And I think we're experiencing some of this in, on the contemporary scene, in response to the pandemic. If I wear a mask in a certain environment, I might suffer shame in some communities for being a fearful person or whatever. And I might be honored in other communities for listening to the science or however you put it and I might care about both of those communities, right? And so I'll have this complicated mix of felt honor and felt shame all at the same time. So when we're honored in communities that matter to us for shaming other people, that's the case you have in view. I think the thing to say is, I care about these people. And so it feels good to be elevated in this community. I'm not going to lie and say it doesn't, honor feels good in communities that you care about. But at the same time, I don't endorse their reasons for honoring me.

Tim Muehlhoff: Mm.

Gregg Ten Elshof: Sometimes you can feel honor without endorsing the reasons that you're being honored. Just like you can feel shame without endorsing the reasons that you're feeling shame. If you're a person with a visible impairment, right, you will be, you will undergo shame in many communities. You'll be thought of a person you'll be thought of as a person of lesser consequence, because of the way you look in communities that matter most to you. And if your emotions are tracking reality, you'll feel that, you'll feel that shame. But that doesn't mean you endorse it, right? That doesn't mean you endorse this as a cause for being shamed.

Tim Muehlhoff: Quick observation and then a question. I like what you said about overlapping communities. What we're seeing today in the argument culture is we're having a lessening of that.

Gregg Ten Elshof: Yeah.

Tim Muehlhoff: We really are moving towards tribalism where our communities don't overlap much anymore. And now you get rooted in this, being rewarded for shaming the other, because I don't have to interact with the other really. And so it's much easier for me to shame.

Gregg Ten Elshof: Yeah.

Tim Muehlhoff: Okay. If that's the case, then you, there's a quote. I thought that was brilliant on page 77, "Since all people possess an estimable dignity, the judgment that no, or little worth value or significance ie low self-esteem is always an everywhere false." So if we're doing the social construction of shame, my community rewards me for certain things and I lose status for certain things. Is there any hope of an overarching principle that all of us can point to? And I know in our religious tradition, obviously we have that. We have the scriptures, but is there something rank and file Americans can appeal to for everybody, not just my community?

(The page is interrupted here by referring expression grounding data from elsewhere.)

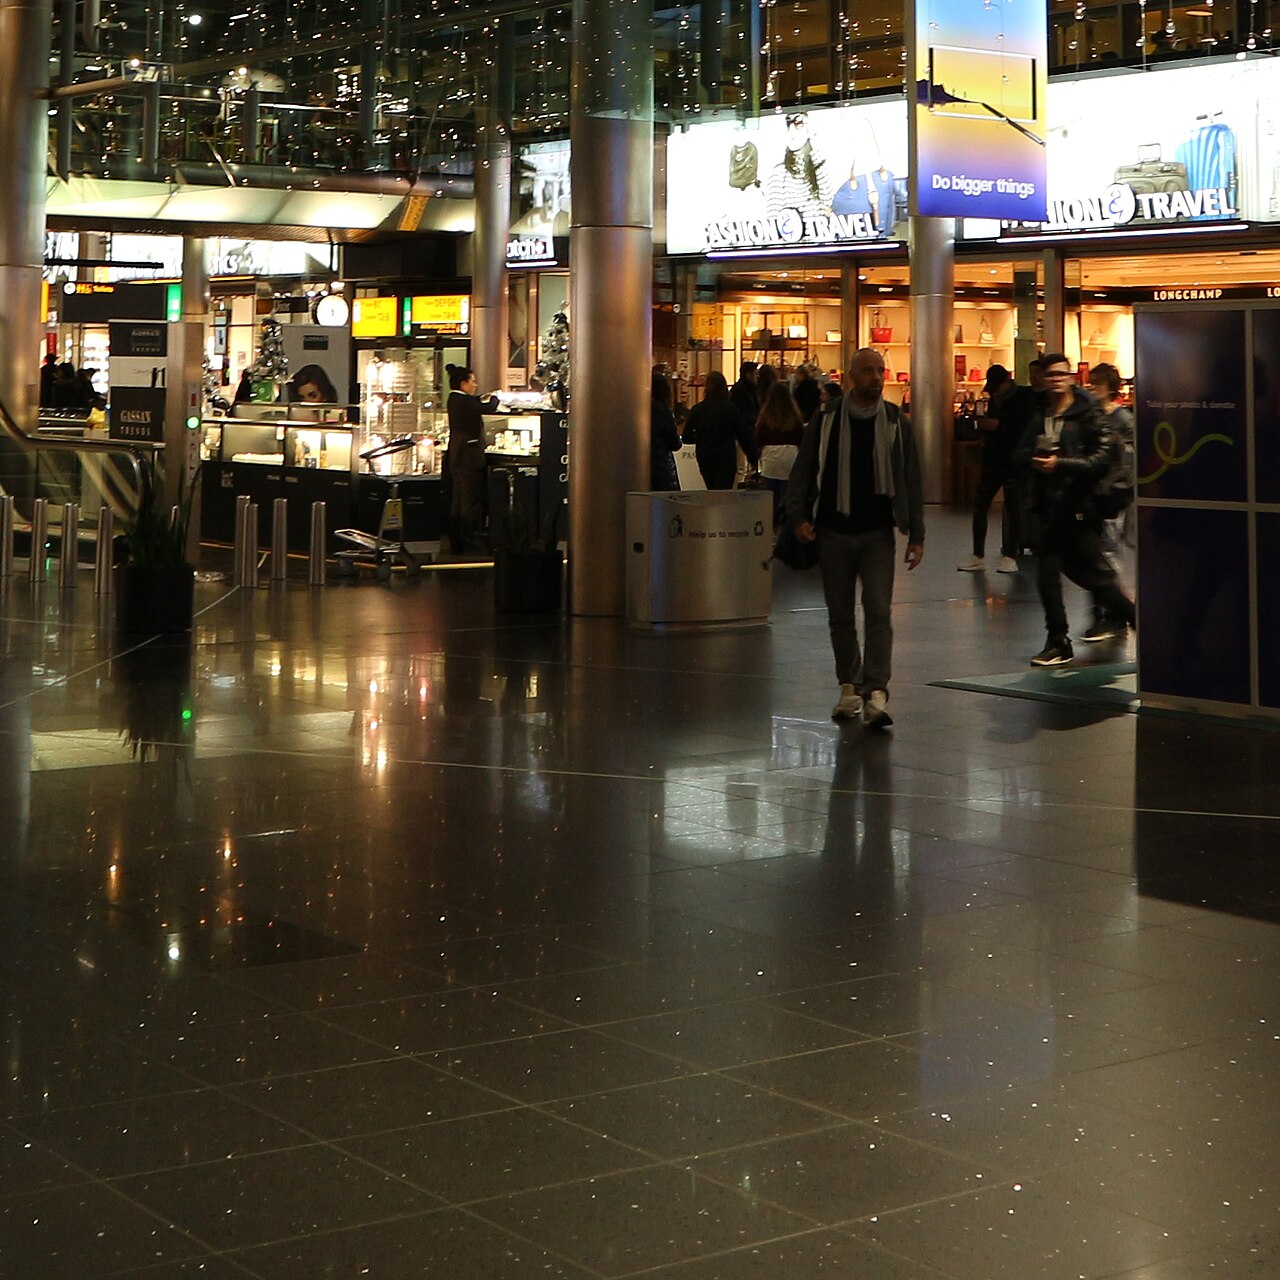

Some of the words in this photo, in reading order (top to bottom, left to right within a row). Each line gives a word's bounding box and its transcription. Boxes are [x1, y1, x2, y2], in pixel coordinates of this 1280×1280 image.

[932, 174, 951, 190] Do
[951, 174, 994, 196] bigger
[995, 178, 1035, 199] things
[1137, 187, 1237, 220] TRAVEL
[704, 219, 780, 246] FASHION
[803, 213, 880, 240] TRAVEL
[1154, 289, 1223, 301] LONGCHAMP
[1146, 400, 1162, 409] Take
[1163, 401, 1179, 410] your
[1180, 401, 1200, 410] photo
[688, 530, 707, 539] Help
[718, 530, 726, 538] to
[728, 530, 749, 539] recycle
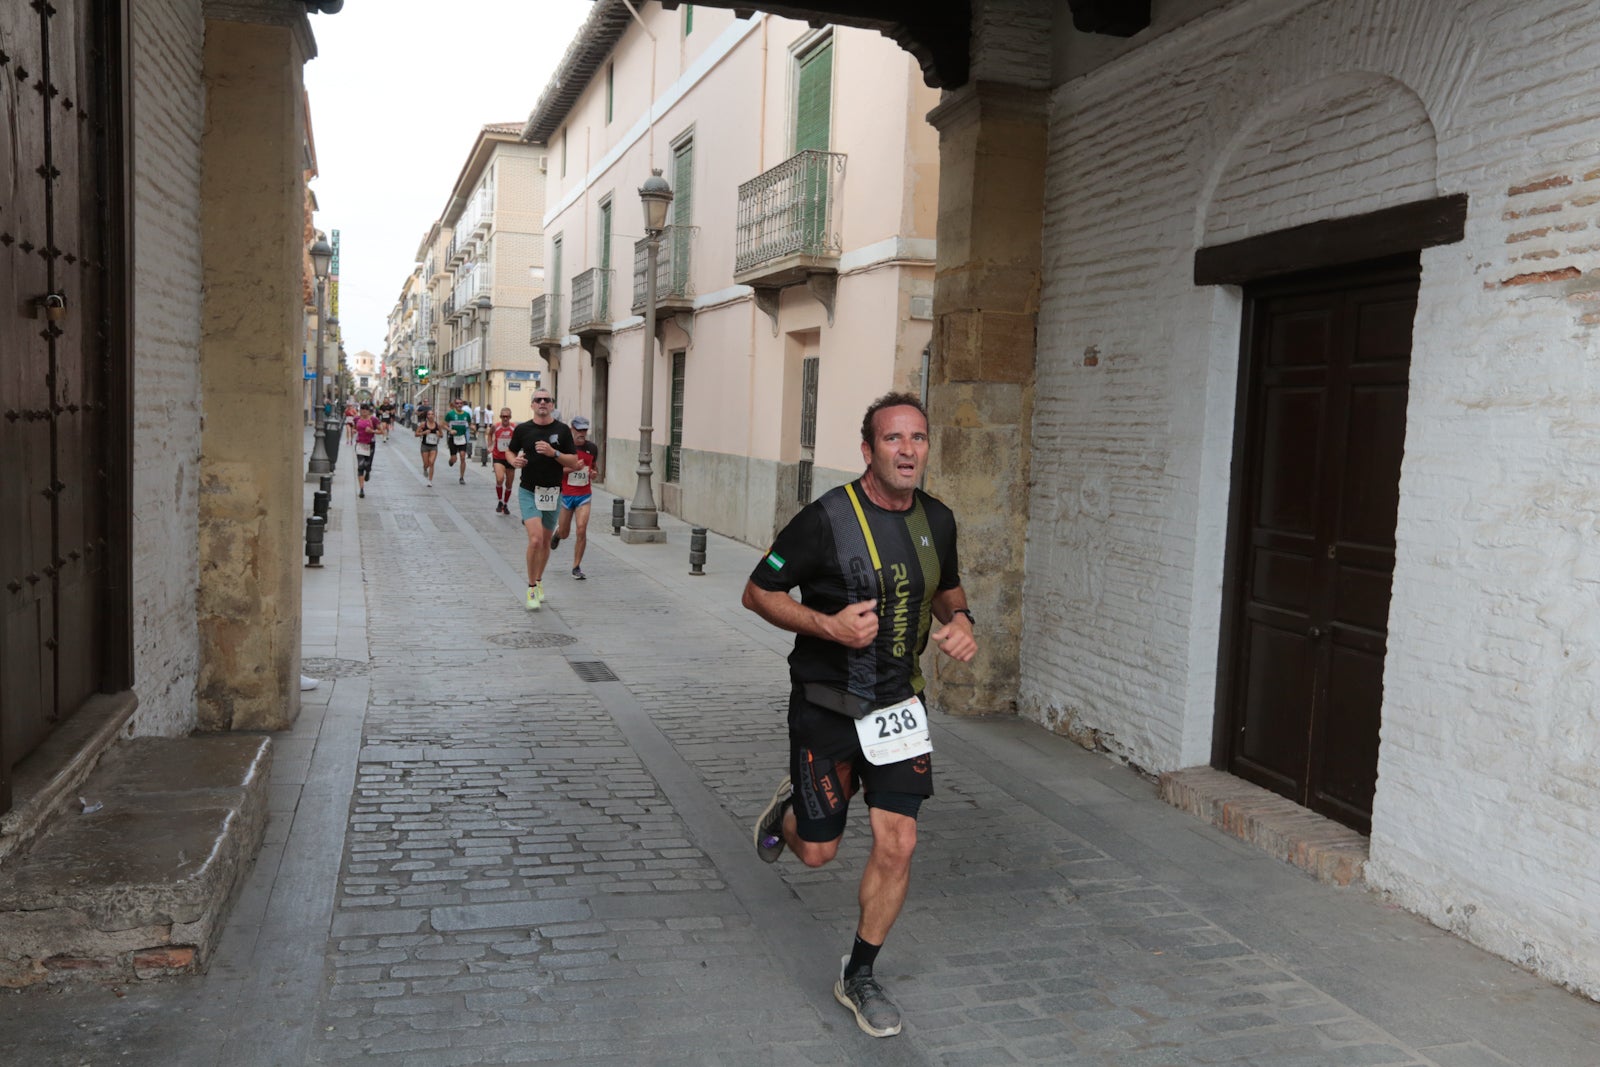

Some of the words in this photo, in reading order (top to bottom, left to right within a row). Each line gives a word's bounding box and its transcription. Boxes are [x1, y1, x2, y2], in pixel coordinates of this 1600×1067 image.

[574, 472, 586, 480] 793
[539, 494, 554, 503] 201
[891, 562, 911, 658] RUNNING
[875, 708, 917, 739] 238

Gregg Ten Elshof: Yeah. I can only express a hope. I don't know how optimistic to be about, but my hope would be that it would be something like love. So you need and be a Christian or devoted to the scriptures to feel the attraction, to love as a guiding principle for making these kinds of decisions. So when I'm being honored for shaming people in the other camp, can I gloss that as an expression of love? And if I can't, then I ought not endorse it. I think that's about the best we can do.

Tim Muehlhoff: Hmm.

Rick Langer: Yeah. So we were just talking about the community, the different communities that kind of fund our ability to shame, so to speak. In other words, it is a community property that does the shaming. Then we may be the perpetrators, so to speak by calling it out or whatever, it seems to me like one of the reciprocal values or one, a reciprocal obligation we should have as we acknowledge merits of shame is to therefore, as a member of any community, feel like part of your responsibility is to tend your community shaming mechanisms. To own them in some sense on your own.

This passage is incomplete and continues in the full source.